Postby Chem_Mod » Fri Oct 17, 2014 10:05 pm

a) Easiest thing you can do is to add both equations together:
(I)P4 + 3 O2 => P4O6
(II)P4O6 + 2 O2 => P4O10

P4 + 3 O2 + P4O6 + 2 O2 => P4O6 + P4O10
Here, I'm putting everything into one big equation by putting everything that's on the left side of I,II on the left side and the same for the right.

Cancelling and combining like terms has:
P4 + 5 O2 => P4O10

Then you would proceed to determine the Limiting Reagent by comparing:
moles of P4 vs moles of O2 times 5(stoichiometric coefficient)

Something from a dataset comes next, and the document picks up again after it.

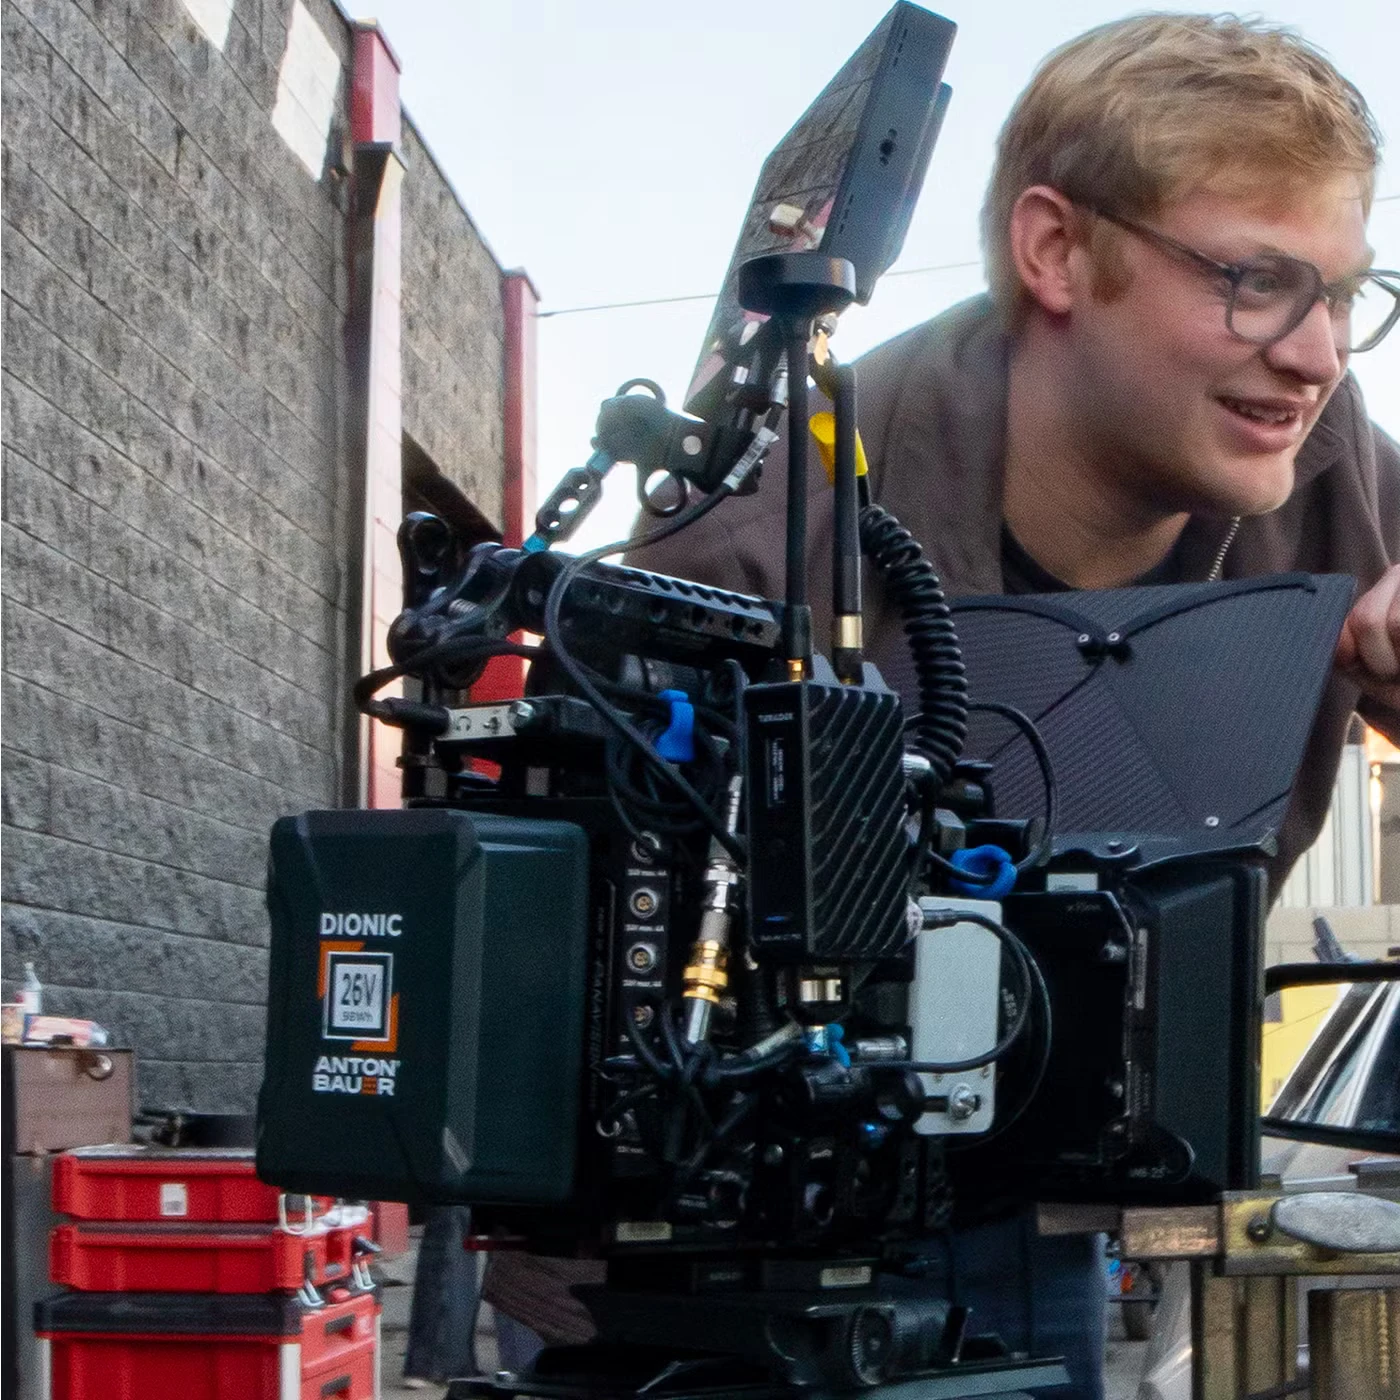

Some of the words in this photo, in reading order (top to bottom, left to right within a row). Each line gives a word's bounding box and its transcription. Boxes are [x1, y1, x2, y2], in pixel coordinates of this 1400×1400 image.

[319, 912, 403, 937] DIONIC
[340, 973, 377, 1007] 26V
[312, 1074, 396, 1097] BAUER

b)For this question, you solve for the products in sequence, just as how it is presented. The first step uses all of the phosphorous while only using a bit of the oxygen, creating 10.24 g of P4O6.

In the next reaction, the amount you have for P4O6 and O2 must be determined from the previous reaction. In this case, the previous reaction yielded 10.24 g of P4O6 while consuming 4.47 g of O2 leaving you with 5.77-4.47 = 1.30g of O2.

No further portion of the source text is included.